**WHAT IS NEEDED:**
Wherever "DECOR" occurs in the entries, copy the line that holds it.

------------------------------------------------

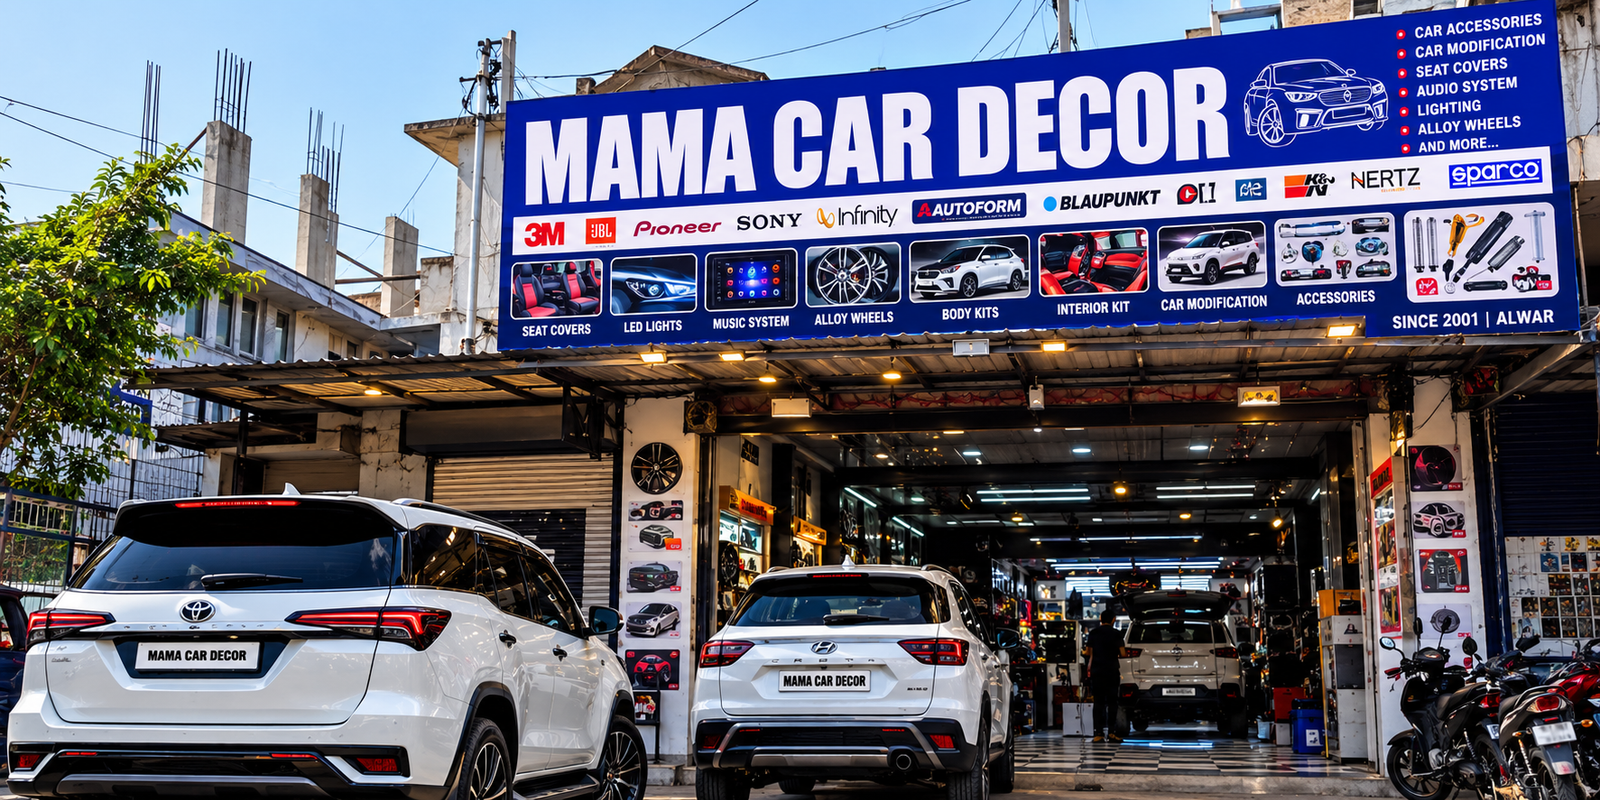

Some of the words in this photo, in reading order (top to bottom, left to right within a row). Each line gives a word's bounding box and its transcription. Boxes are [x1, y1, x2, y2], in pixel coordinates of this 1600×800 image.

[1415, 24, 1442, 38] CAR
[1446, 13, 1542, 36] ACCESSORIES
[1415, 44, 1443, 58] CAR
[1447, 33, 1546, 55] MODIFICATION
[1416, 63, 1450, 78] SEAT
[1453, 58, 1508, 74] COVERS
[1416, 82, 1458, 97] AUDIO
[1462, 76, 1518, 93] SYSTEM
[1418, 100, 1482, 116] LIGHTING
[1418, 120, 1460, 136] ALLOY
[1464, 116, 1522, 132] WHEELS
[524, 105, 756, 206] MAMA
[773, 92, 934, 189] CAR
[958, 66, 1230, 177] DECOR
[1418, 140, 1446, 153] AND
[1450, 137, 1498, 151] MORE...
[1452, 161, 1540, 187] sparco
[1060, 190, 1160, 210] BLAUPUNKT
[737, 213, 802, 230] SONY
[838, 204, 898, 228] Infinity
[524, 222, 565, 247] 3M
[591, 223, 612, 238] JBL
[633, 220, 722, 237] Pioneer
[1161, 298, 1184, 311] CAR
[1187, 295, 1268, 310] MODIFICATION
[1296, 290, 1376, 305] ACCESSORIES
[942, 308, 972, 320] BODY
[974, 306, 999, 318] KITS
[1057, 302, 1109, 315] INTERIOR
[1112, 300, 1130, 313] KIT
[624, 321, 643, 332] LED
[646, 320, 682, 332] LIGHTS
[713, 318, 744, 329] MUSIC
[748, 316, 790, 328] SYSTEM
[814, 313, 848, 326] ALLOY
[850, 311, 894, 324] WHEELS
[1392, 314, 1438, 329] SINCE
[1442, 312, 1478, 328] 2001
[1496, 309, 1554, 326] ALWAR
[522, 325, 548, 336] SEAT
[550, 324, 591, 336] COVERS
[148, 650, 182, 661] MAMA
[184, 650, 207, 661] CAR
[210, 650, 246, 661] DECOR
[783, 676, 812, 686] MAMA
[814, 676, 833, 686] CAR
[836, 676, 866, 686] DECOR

------------------------------------------------

**TASK RESPONSE:**
[958, 66, 1230, 177] DECOR
[210, 650, 246, 661] DECOR
[836, 676, 866, 686] DECOR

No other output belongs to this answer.